Pharmaceutical Sciences - Posters E
Janka Czigleczki1, Pedro Tulio de Resende Lara2, Balint Dudas1,3,4, Hyunbum Jang5, David Perahia4, Ruth Nussinov5,6 and Erika Balog1
1Department of Biophysics and Radiation Biology, Semmelweis University, Budapest, Hungary
2Department of Medical Genetics and Genomic Medicine, School of Medical Sciences, University of Campinas—UNICAMP, Campinas, Brazil
3Inserm U1268 MCTR, CiTCoM UMR 8038 CNRS—Université Paris Cité, Paris, France
4Laboratoire et Biologie et Pharmacologie Appliquée, Ecole Normale Supérieure Paris-Saclay, Gif-sur-Yvette, France
5Computational Structural Biology Section, Frederick National Laboratory for Cancer Research in the Cancer Innovation Laboratory, National Cancer Institute, Frederick, MD, United States
6Department of Human Molecular Genetics and Biochemistry, Sackler School of Medicine, Tel Aviv University, Tel Aviv, Israel
As a member of the Ras superfamily of small GTPases, Ran (Ras-related Nuclear protein) is the main regulator of the nucleo-cytoplasmic transport through the nuclear core complex. It functions as a molecular switch cycling between the GDP-bound inactive or “off” and GTP-bound active or “on” state. Since deregulation of Ran is linked to numerous cancers from the stage of cancer initiation to metastasis, understanding the complexity of its interaction, especially the regulatory mechanism, is critical for drug discovery. Ran consists of a globular (G) or GTP binding domain (residue 1–172) and a C-terminal region (residue 173–216) which terminates in a unique acidic tail (DEDDDL), which is bound to the G-domain in the inactive, GDP-bound states. The standalone full-length Ran-GTP structure has not
been determined but it has been crystalized in complex forms. The crystal structures of the GTP-bound active form complexed with Ran binding proteins (RanBP) show that the C-terminus undergoes a large conformational change, embracing Ran binding domains (RanBD), whereas in the crystal structures of macromolecular complexes not containing RanBDs the structure of the C-terminal segment remains unresolved, indicating its large conformational flexibility. This movement could not have been followed either by experimental or simulation methods. Using simulations, our goal is to study potential conformational structures of the GTP-bound active forms and compare them to the inactive form.
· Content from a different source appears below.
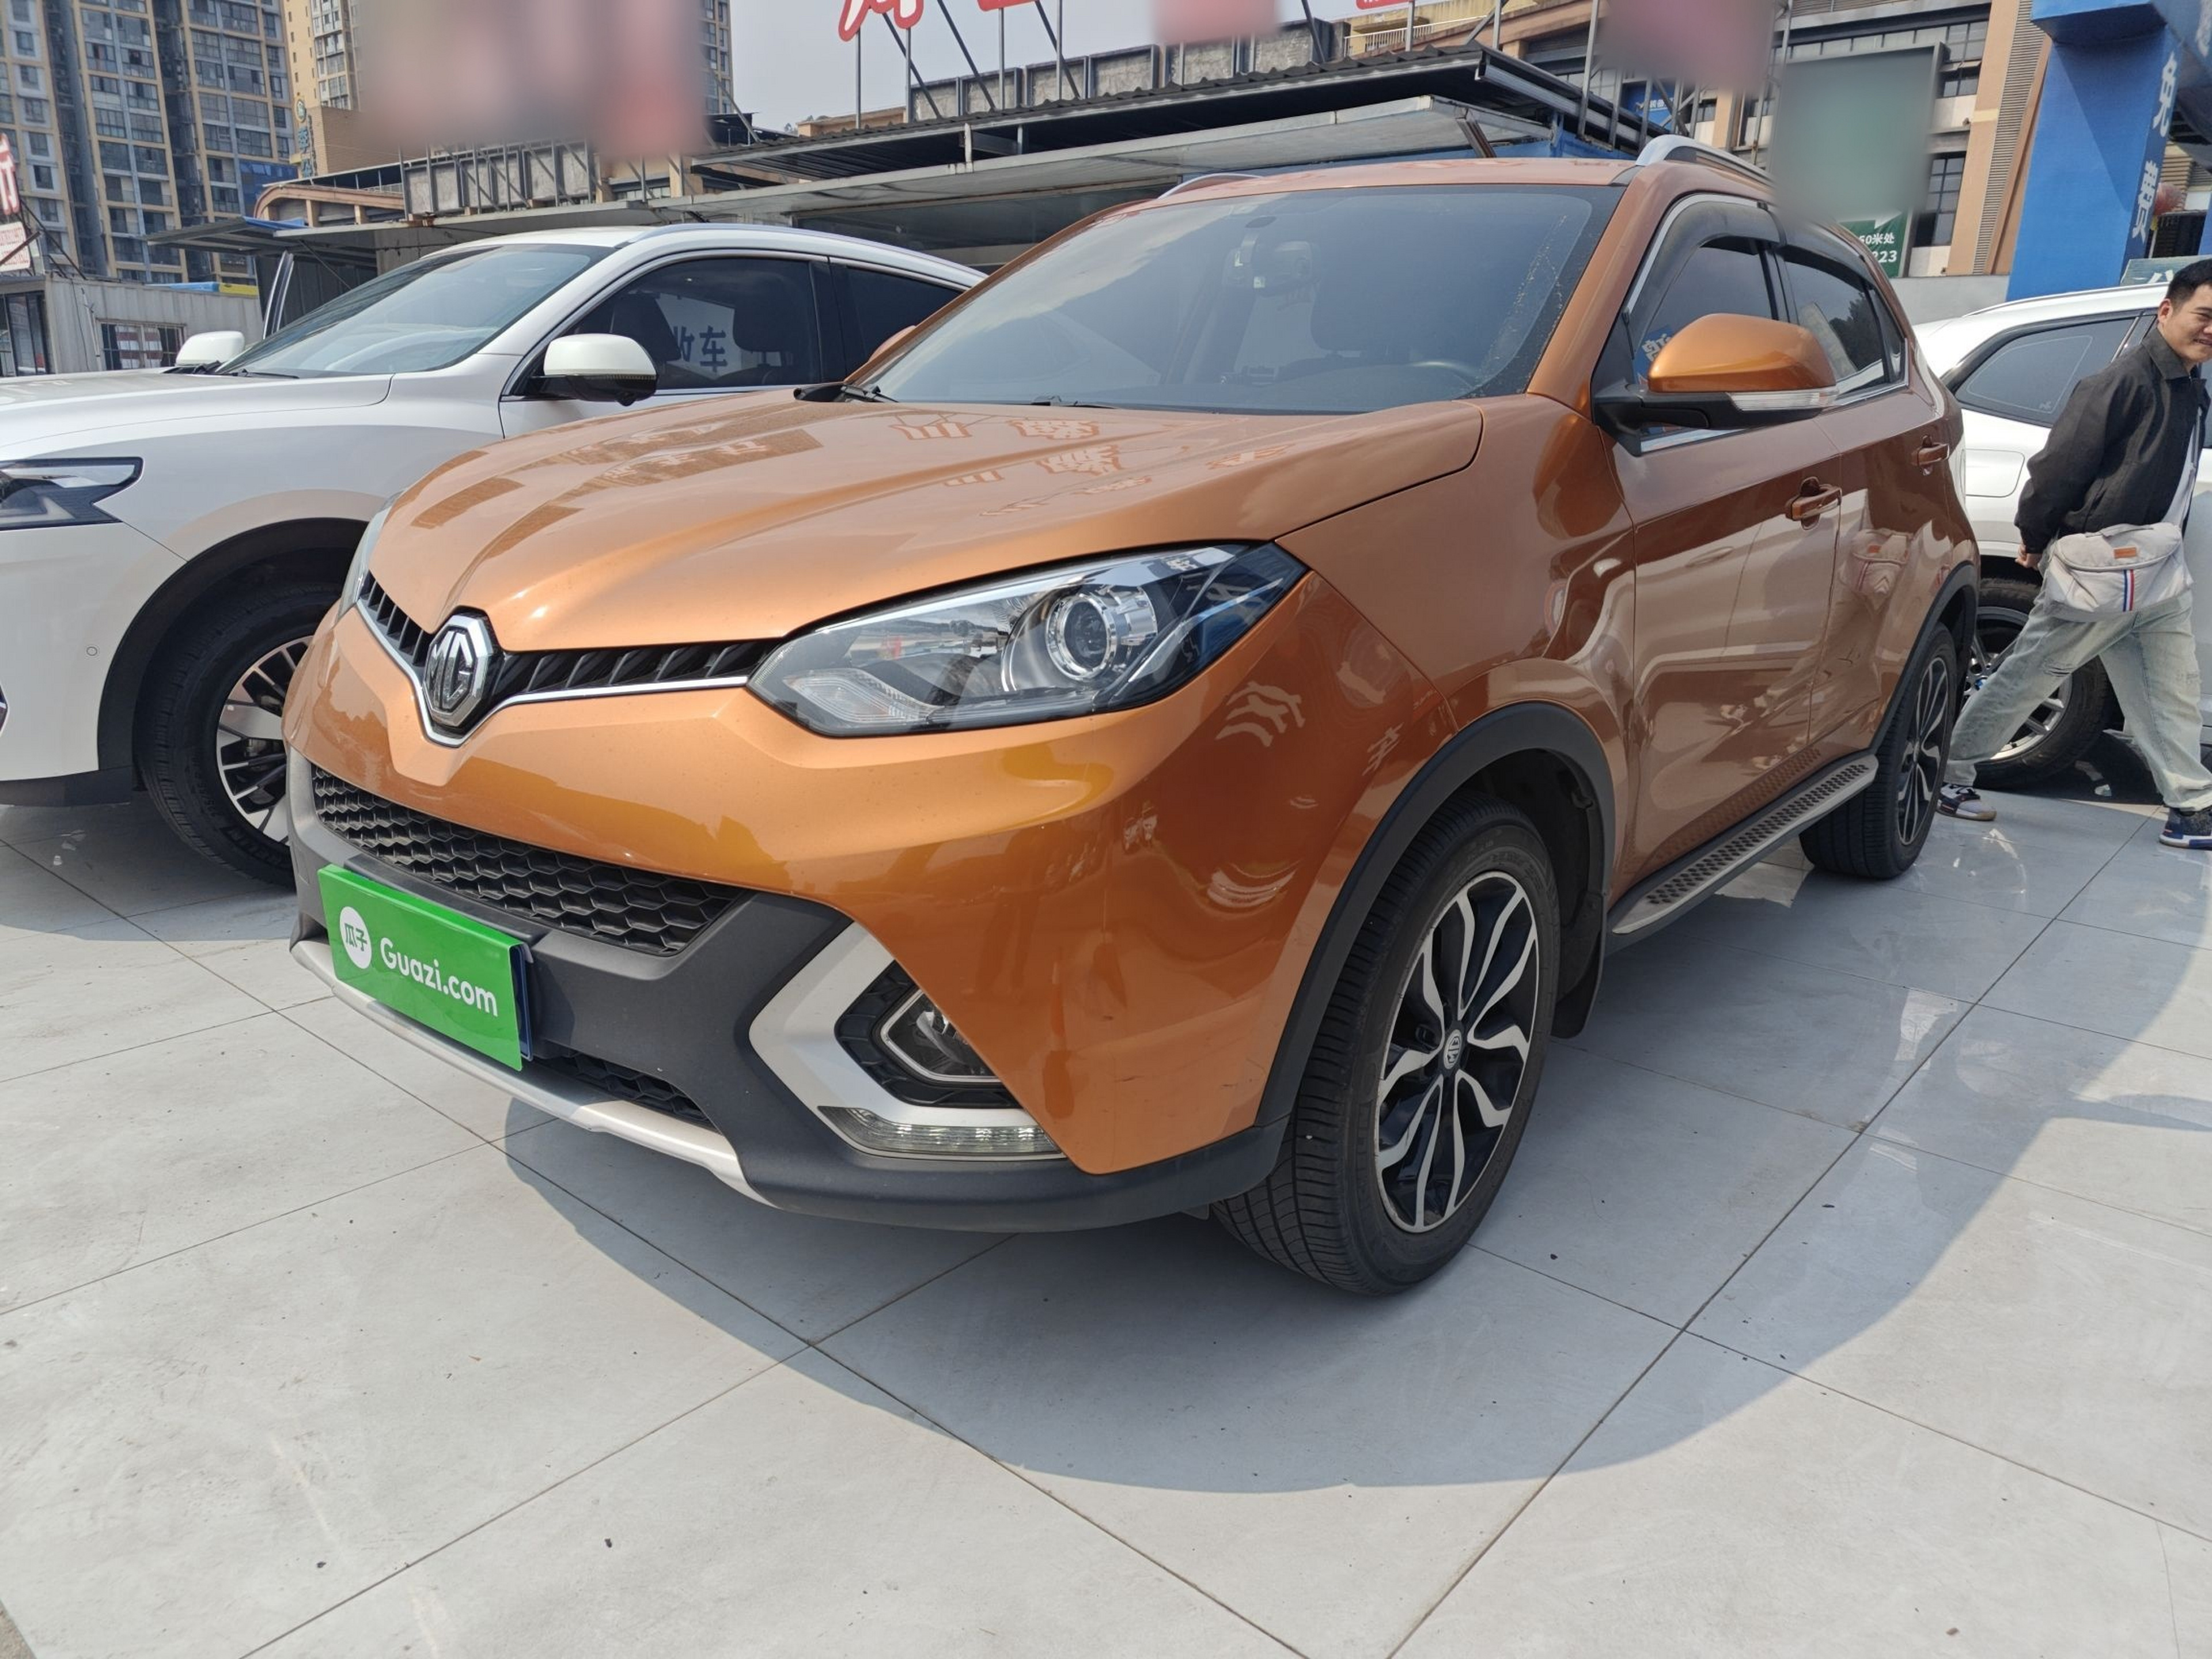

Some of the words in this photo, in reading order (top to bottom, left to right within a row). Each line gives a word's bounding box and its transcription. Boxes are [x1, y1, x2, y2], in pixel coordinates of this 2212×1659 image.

[2133, 51, 2177, 243] 免费
[344, 923, 368, 952] 瓜子
[380, 937, 498, 1017] Guazi.com
Based on the results of molecular dynamics (MD) and MDeNM (Molecular Dynamics with excited Normal Modes), we present how rigid the C-terminal region is in the inactive RanGDP form and for the first time in the literature, we were able to follow its conformational flexibility in the GTP-bound form. This conformational mapping allows us to envisage how the C-terminus can embrace RanBDs during the function of Ran.
This project was partially funded by the TKP2021-EGA-23 provided by the Ministry of Innovation and Technology of Hungary; by federal funds from the National Cancer Institute, National Institutes of Health, under contract HHSN261201500003I and by the Intramural Research Program of the NIH, National Cancer Institute, Center for Cancer Research.
The simulations were carried out by JC, and were analyzed and interpreted by JC, PR, BD, HJ, RN, DP, and EB.